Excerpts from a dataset
########
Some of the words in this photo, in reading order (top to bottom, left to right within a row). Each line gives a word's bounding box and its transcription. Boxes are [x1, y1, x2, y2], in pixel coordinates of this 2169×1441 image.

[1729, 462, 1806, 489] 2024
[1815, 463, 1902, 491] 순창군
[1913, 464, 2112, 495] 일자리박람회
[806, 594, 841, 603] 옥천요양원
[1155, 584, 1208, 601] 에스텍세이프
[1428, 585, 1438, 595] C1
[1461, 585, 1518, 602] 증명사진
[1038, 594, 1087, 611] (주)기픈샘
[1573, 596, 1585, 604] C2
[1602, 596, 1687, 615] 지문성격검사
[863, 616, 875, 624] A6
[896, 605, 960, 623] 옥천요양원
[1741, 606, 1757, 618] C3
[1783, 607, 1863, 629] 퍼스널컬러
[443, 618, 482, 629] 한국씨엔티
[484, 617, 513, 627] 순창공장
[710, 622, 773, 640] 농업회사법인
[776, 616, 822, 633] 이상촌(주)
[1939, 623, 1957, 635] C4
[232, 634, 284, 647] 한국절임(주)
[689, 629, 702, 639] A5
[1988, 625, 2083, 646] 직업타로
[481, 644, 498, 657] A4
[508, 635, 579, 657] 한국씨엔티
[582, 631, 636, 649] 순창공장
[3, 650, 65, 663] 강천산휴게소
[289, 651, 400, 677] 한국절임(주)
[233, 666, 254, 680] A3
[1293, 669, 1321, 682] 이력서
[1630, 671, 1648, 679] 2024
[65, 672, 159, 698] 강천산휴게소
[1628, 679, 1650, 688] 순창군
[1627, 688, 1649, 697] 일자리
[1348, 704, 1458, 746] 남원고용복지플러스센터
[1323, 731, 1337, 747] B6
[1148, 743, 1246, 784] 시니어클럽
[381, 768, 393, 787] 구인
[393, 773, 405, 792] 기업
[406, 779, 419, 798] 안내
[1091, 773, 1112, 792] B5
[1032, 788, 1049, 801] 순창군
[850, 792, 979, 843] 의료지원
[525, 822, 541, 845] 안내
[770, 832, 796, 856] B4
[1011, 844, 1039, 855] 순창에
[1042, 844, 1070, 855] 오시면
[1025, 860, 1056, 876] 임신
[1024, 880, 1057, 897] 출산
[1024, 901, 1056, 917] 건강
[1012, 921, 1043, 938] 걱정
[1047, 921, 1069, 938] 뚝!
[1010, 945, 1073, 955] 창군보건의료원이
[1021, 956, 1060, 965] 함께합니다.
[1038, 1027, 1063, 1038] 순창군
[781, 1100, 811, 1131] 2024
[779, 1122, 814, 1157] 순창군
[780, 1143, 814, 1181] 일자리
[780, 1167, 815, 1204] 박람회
########
• _Instructions for the task_:
Those lines of the records that contain the string "한국절임" should be identified and copied.

• _Output for this exercise_:
[232, 634, 284, 647] 한국절임(주)
[289, 651, 400, 677] 한국절임(주)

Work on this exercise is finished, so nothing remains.